== Exercise goal ==
The records that follow must be repeated exactly, minus the images.

== Material shown ==
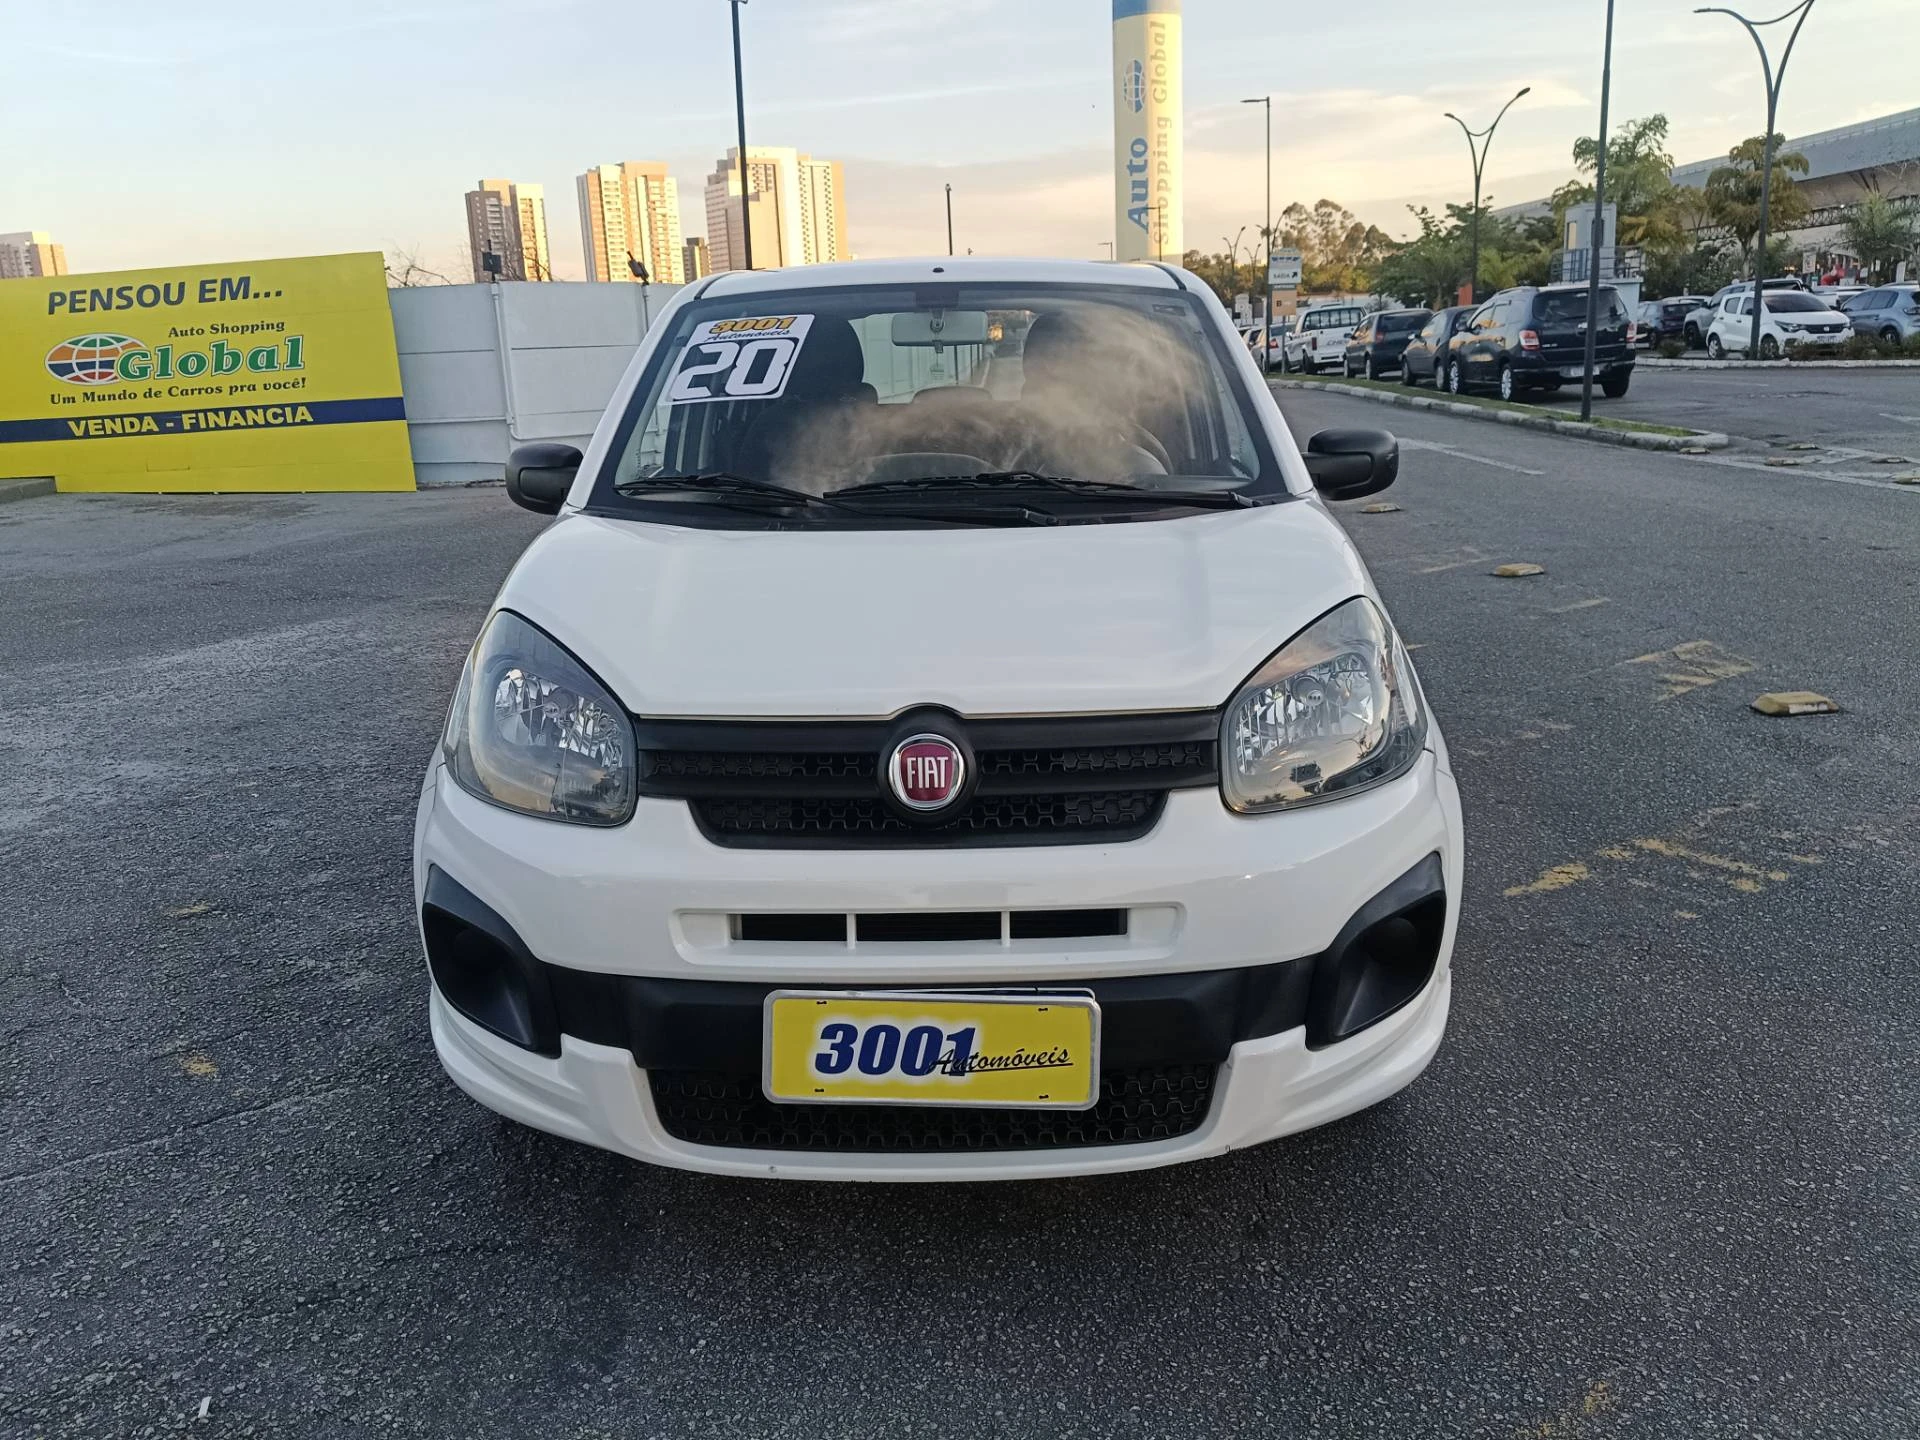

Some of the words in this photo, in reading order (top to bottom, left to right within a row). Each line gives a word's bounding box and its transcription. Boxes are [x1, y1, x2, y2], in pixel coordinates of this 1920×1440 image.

[1150, 20, 1168, 105] Global
[1128, 137, 1149, 234] Auto
[1153, 116, 1172, 246] Shopping
[48, 281, 186, 315] PENSOU
[198, 276, 283, 304] EM...
[168, 324, 205, 338] Auto
[209, 320, 286, 337] Shopping
[708, 317, 798, 335] 3001
[116, 334, 306, 382] Global
[669, 338, 797, 401] 20
[50, 393, 77, 405] Um
[82, 388, 137, 404] Mundo
[143, 386, 163, 399] de
[168, 383, 223, 397] Carros
[228, 382, 257, 396] pra
[262, 377, 307, 391] você!
[68, 416, 160, 438] VENDA
[182, 405, 314, 431] FINANCIA
[906, 756, 949, 789] FIAT
[815, 1023, 976, 1077] 3001
[926, 1046, 1073, 1075] Automóveis
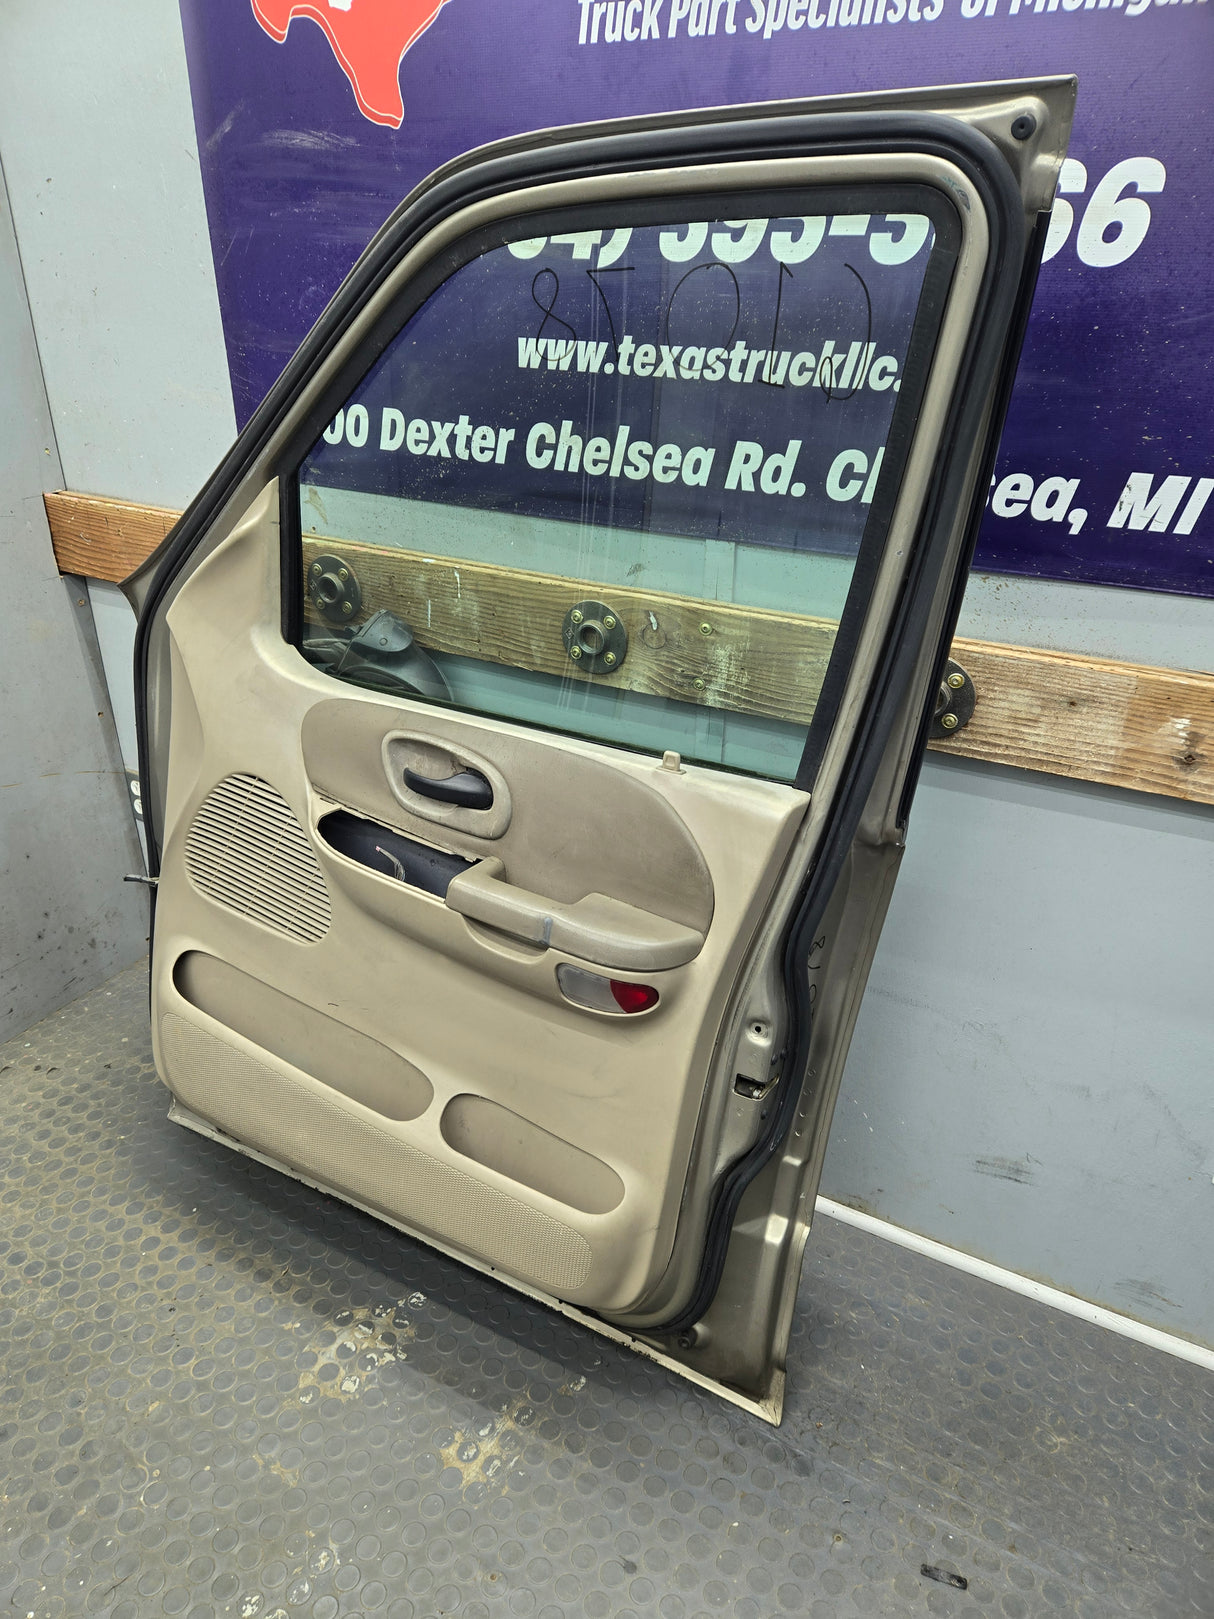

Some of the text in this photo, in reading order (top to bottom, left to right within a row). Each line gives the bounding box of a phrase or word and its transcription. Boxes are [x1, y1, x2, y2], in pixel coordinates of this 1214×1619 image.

[578, 0, 661, 44] Truck
[667, 0, 740, 38] Part
[380, 407, 515, 465] Dexter
[526, 420, 716, 487] Chelsea
[724, 440, 807, 497] Rd.
[1106, 472, 1214, 535] MI
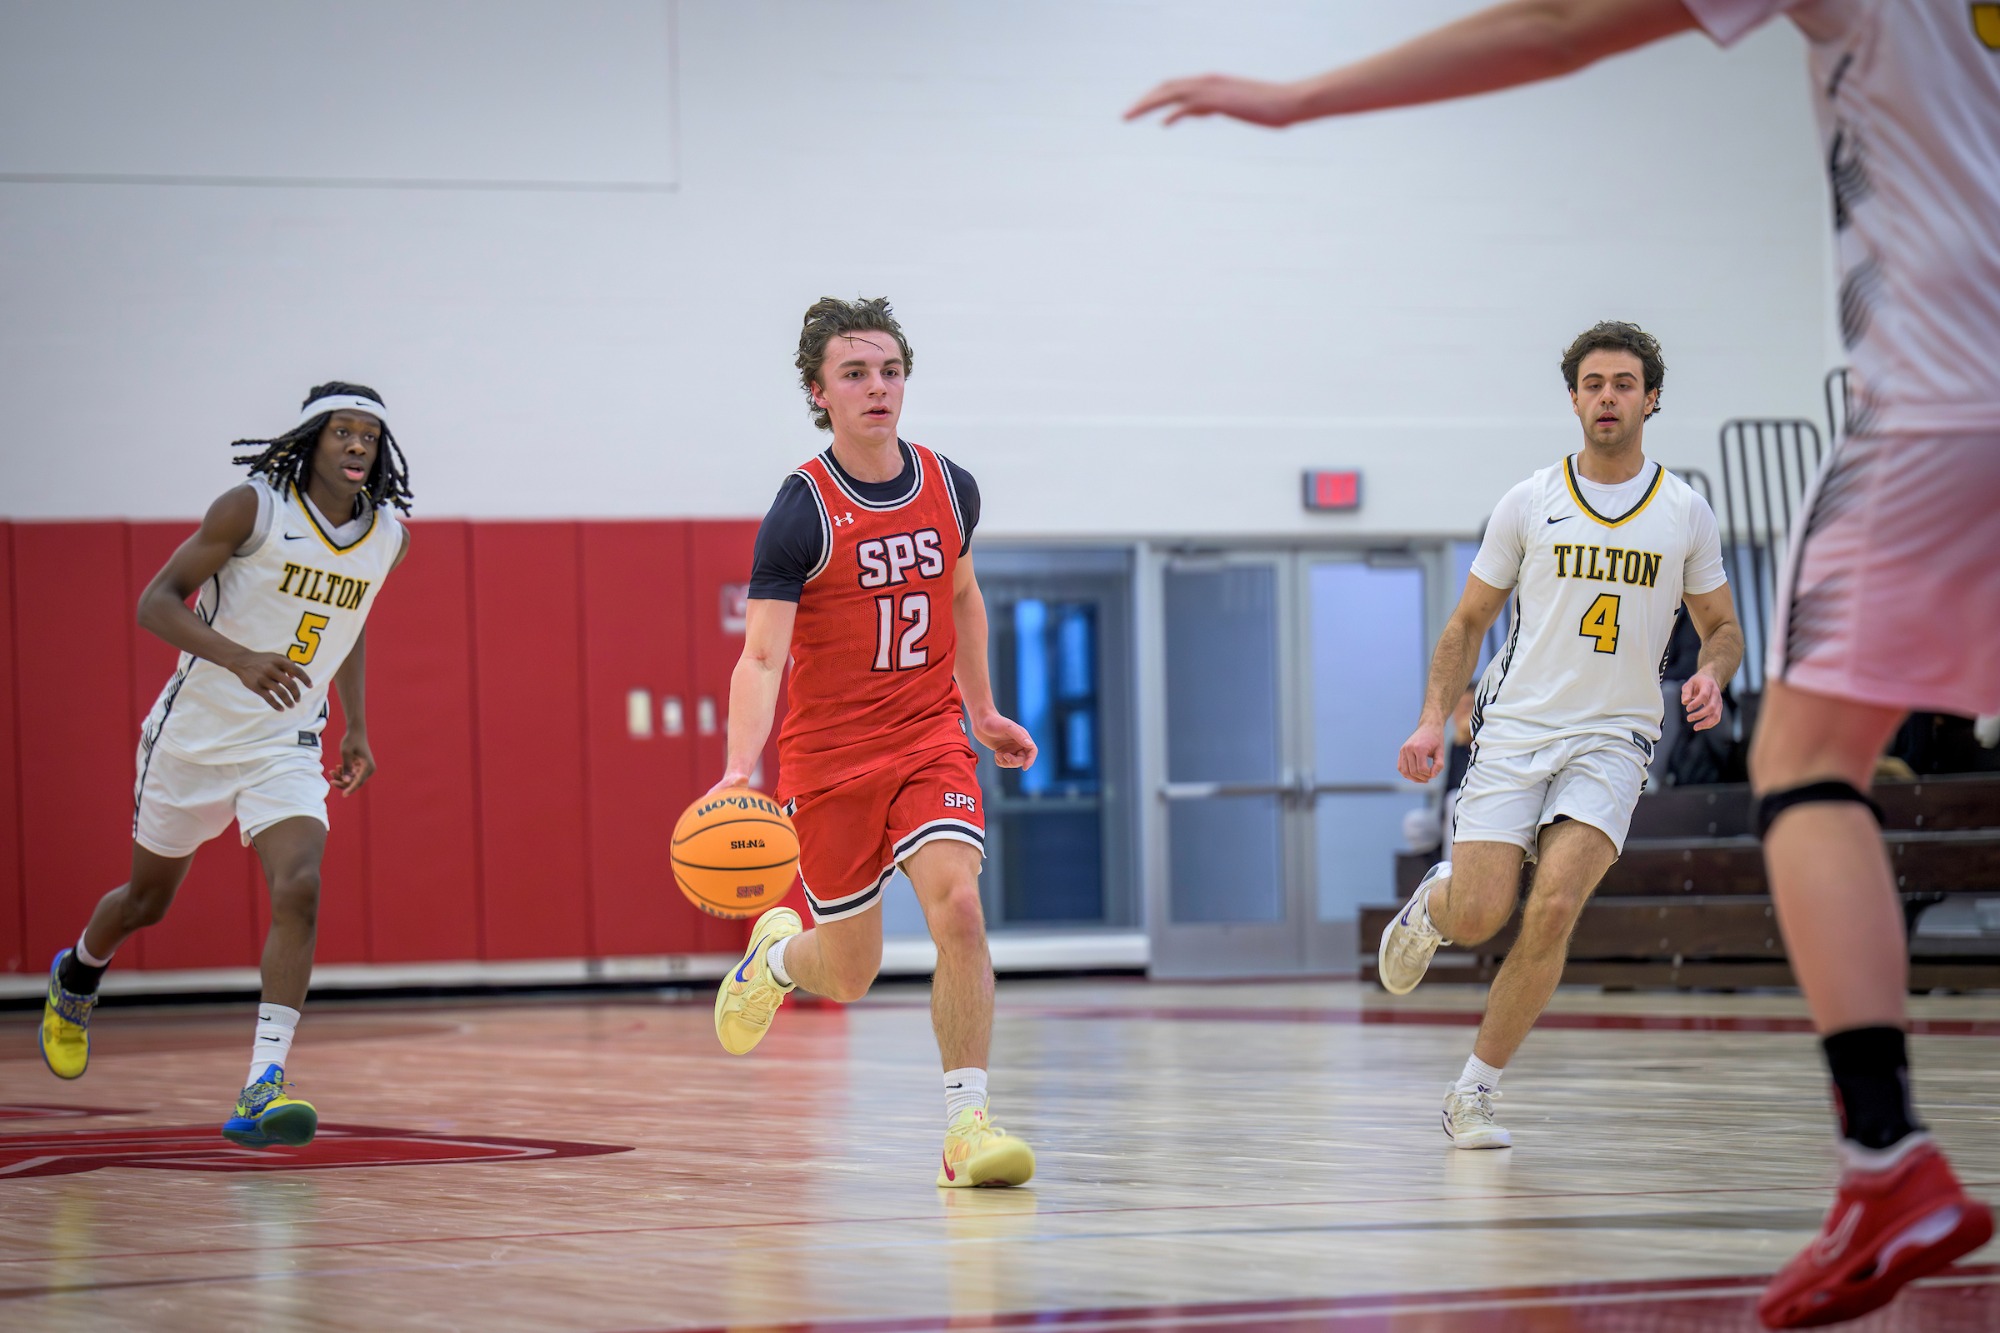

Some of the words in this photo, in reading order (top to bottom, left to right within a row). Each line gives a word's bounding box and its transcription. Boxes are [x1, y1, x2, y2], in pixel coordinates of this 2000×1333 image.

== Task answer ==
Some of the words in this photo, in reading order (top to bottom, left to right within a row). Each line gives a word's bounding box and its transcription. Boxes are [x1, y1, x2, y2], in pixel coordinates of this 1920×1440 image.

[1150, 20, 1168, 105] Global
[1128, 137, 1149, 234] Auto
[1153, 116, 1172, 246] Shopping
[48, 281, 186, 315] PENSOU
[198, 276, 283, 304] EM...
[168, 324, 205, 338] Auto
[209, 320, 286, 337] Shopping
[708, 317, 798, 335] 3001
[116, 334, 306, 382] Global
[669, 338, 797, 401] 20
[50, 393, 77, 405] Um
[82, 388, 137, 404] Mundo
[143, 386, 163, 399] de
[168, 383, 223, 397] Carros
[228, 382, 257, 396] pra
[262, 377, 307, 391] você!
[68, 416, 160, 438] VENDA
[182, 405, 314, 431] FINANCIA
[906, 756, 949, 789] FIAT
[815, 1023, 976, 1077] 3001
[926, 1046, 1073, 1075] Automóveis

Some of the text in this photo, in reading order (top to bottom, left to right within a row). Each line gives the bounding box of a phrase or word and its transcription. Boxes are [x1, y1, x2, y2], in pixel coordinates of this 1214×1619 image.

[578, 0, 661, 44] Truck
[667, 0, 740, 38] Part
[380, 407, 515, 465] Dexter
[526, 420, 716, 487] Chelsea
[724, 440, 807, 497] Rd.
[1106, 472, 1214, 535] MI

Some of the words in this photo, in reading order (top to bottom, left to right within a row). Each line gives a word's bounding box and its transcription. Boxes are [x1, y1, x2, y2], in pixel coordinates of this 2000×1333 image.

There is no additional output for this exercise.